上 下
3 / 3

第三話

しおりを挟む
 数時間後――。

 王都の郊外にあるアストラルの屋敷にシンシア・バートンこと私はいた。

 いや、もっと厳密に言うならばアストラルの寝室にである。

 そんな私はアストラルと裸でベッドに寝ていた。

 事が終わって一息ついているところだった。

「あの3人の取り調べはどうするの?」

 私が隣に寝ているアストラルにたずねると、アストラルはフッと苦笑する。

「訊かなくてもわかるだろう? 取り調べなどない。もちろん裁判もない。ヘルシング家の力を使ってすぐに実刑へと持ち込む」

「そう、それはよかった」

 私が寝ころびながら伸びをしたときだ。

「そうだ、思い出した。シンシア、あのときお前はうっかり僕たちとの関係をバラすようなことを言っただろう」

 私は頭上に疑問符を浮かべた。

 え? 私ってそんなうかつな発言をした?

「思い出せ。アーニャを連れて来て証言させようとしたときだ」

 私は「あっ」と頓狂とんきょうな声を発した。

 思い出した。

 あのとき私は公衆の面前で言ってしまったのだ。


 ――、この子は?


 アストラルは大きなため息を吐いた。

「ようやく思い出したか。どうして爵位が1番低い男爵家の令嬢が、爵位が1番上の公爵家の長男である僕に対して親し気に呼び捨てをする。そんなことは普通ではあり得ないことだろうが。

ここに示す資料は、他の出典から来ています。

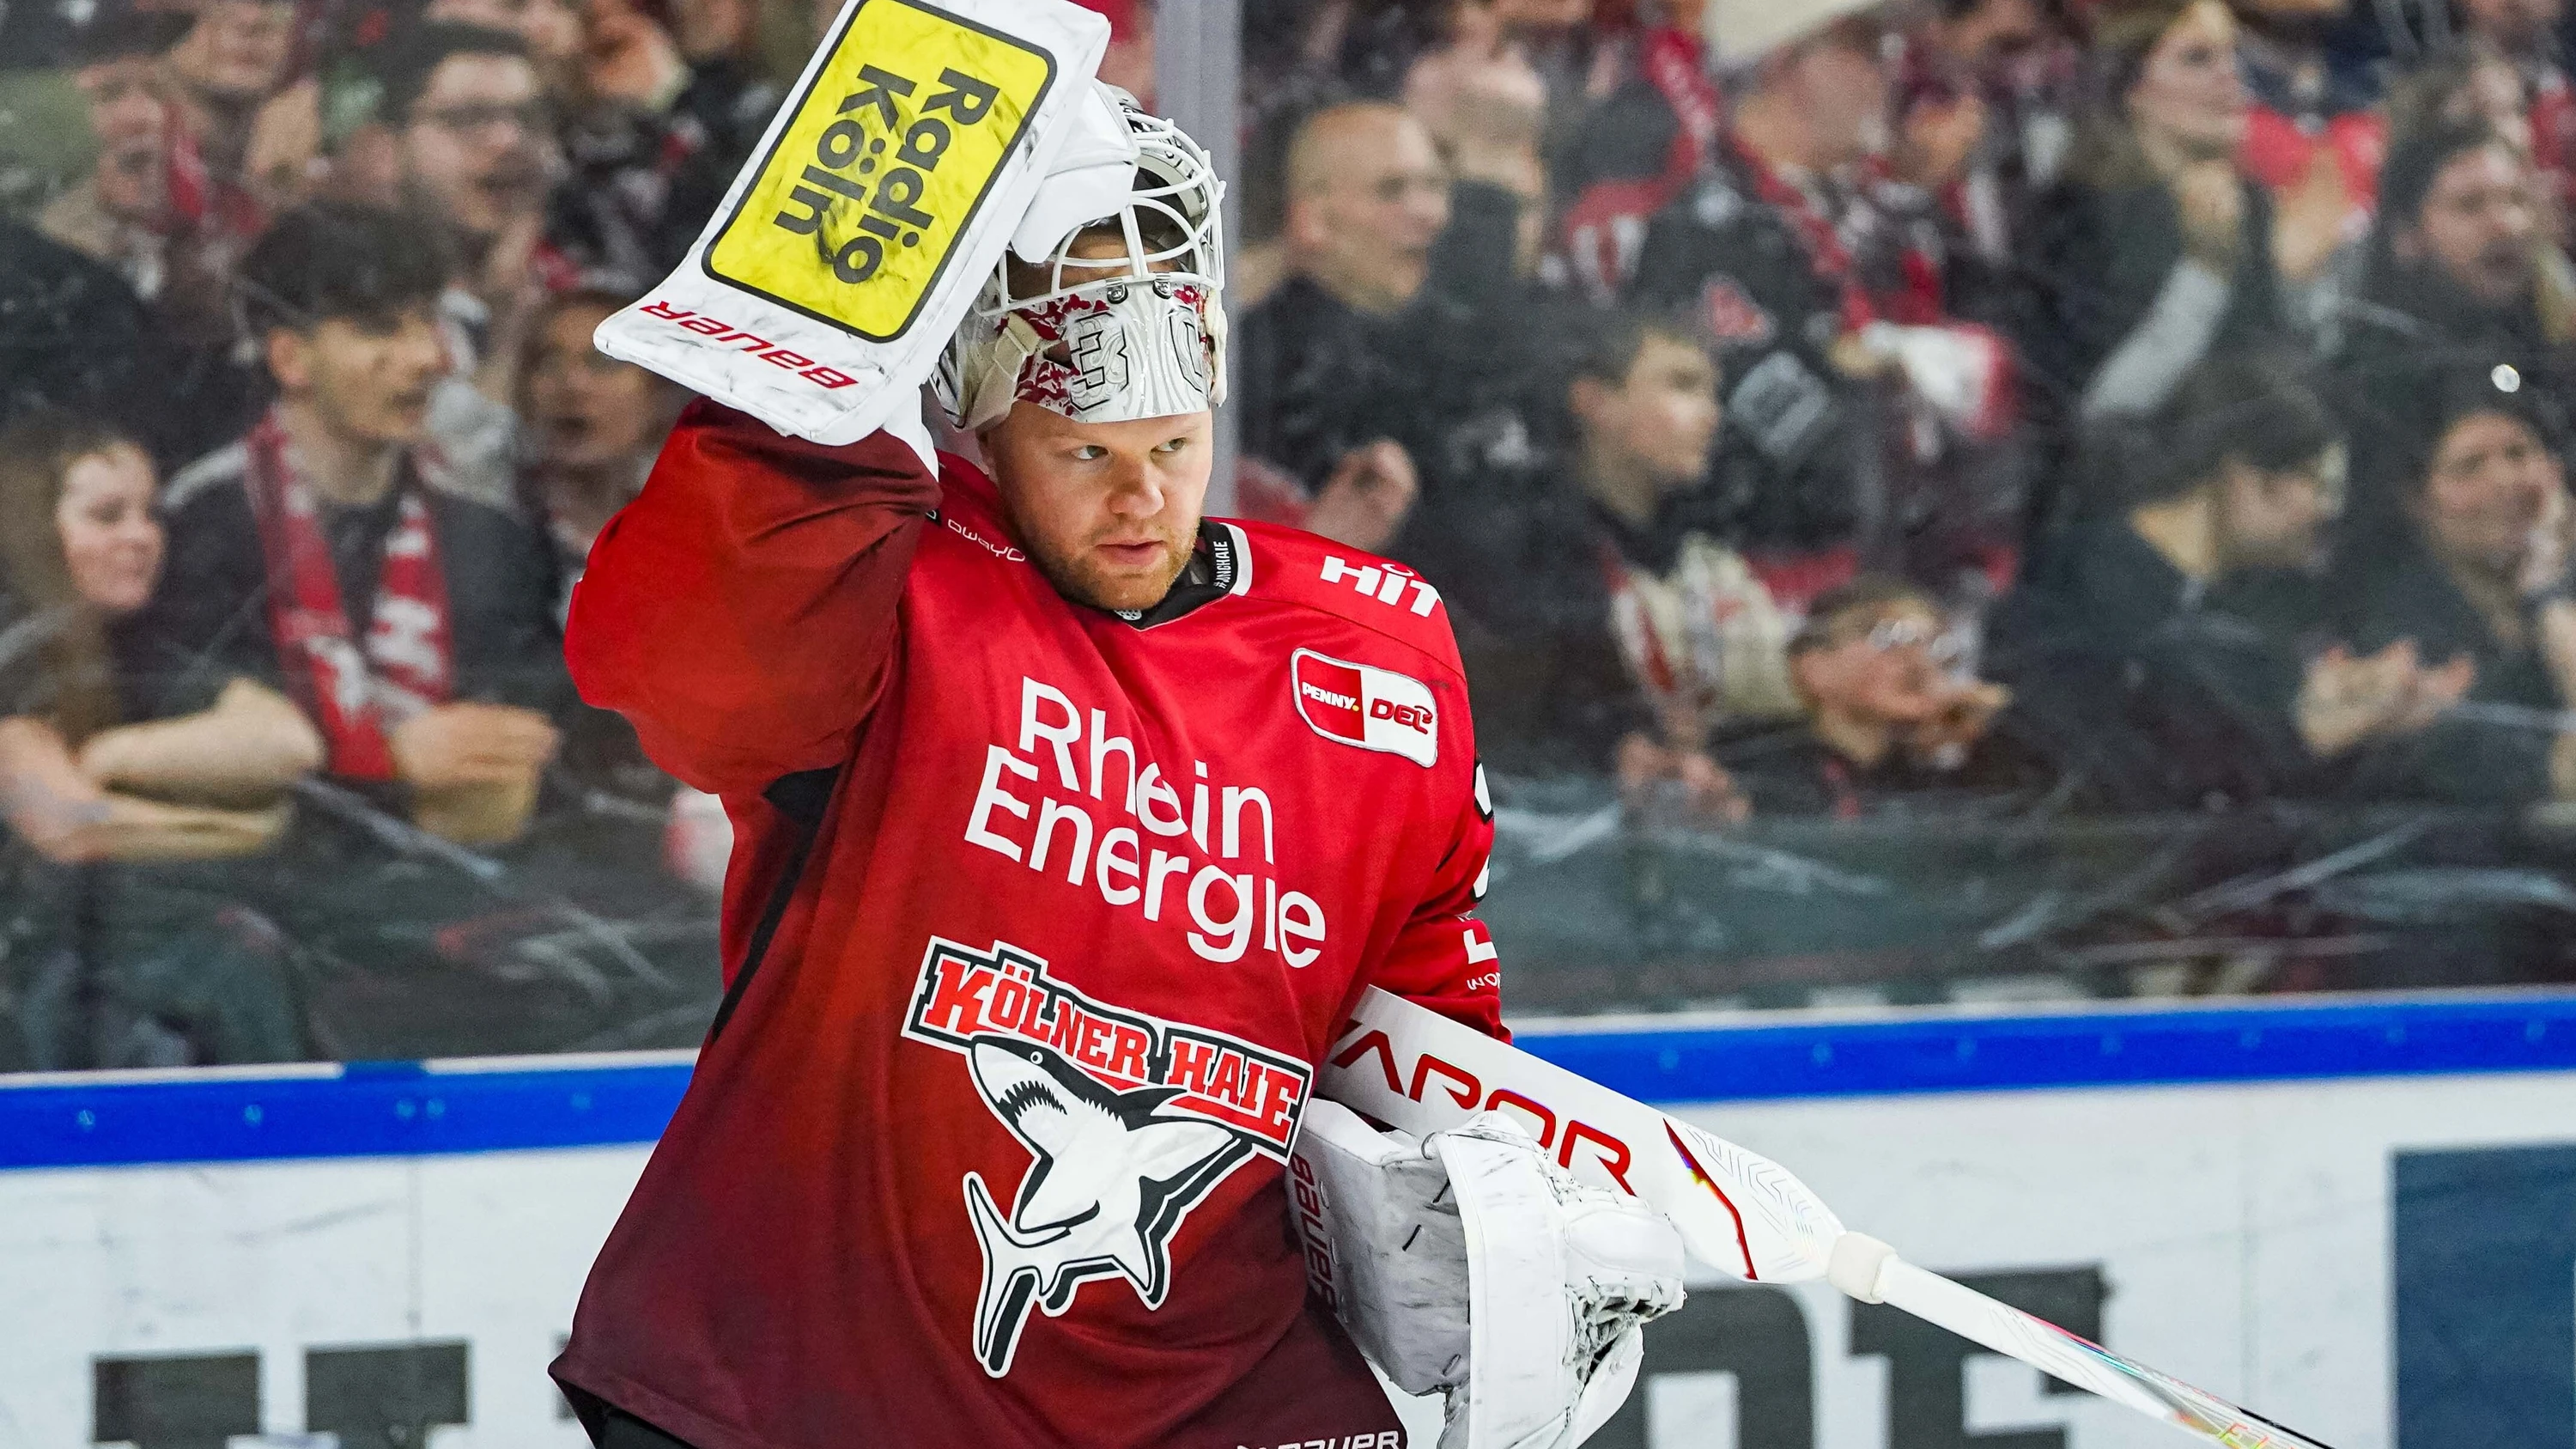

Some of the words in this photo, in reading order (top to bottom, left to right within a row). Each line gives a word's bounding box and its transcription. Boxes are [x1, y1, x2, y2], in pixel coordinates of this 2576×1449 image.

「ついうっかりしてたわ。誰かに気づかれていないわよね?」

「あんな騒ぎがあったときだ。誰も君が僕を呼び捨てにしたことなど覚えてはいないさ」

 それに、とアストラルは子供のような笑みを浮かべた。

「すでに証拠は隠滅してある」

 その言葉と子供のような笑みで思い出した。

「そう言えば、あのアーニャって平民の少女はどこから連れて来たの……っていうか、口封じに殺しちゃった?」

「おいおい、物騒なことを言うな。あの子は殺してなんてないよ。だって、あの子は平民は平民でもこの敷地内の離れの屋敷に住んでいるメイド見習いの1人だ。確か元は辺境の由緒正しい家柄だったが、没落してこの王都へと流れて来たらしい。教養も礼儀作法もあったし、何より没落したあともこの王都へ来るまで強かに生きられたその度胸がいい。あの〝自分は右も左もわからず証人としてここへ連れて来られただけなんです〟という演技はよかっただろ?」

 私はホッとした。

 いくら私たちの将来のためとはいえ、あんな年端もいかない少女の命を犠牲にすることは良心が痛む。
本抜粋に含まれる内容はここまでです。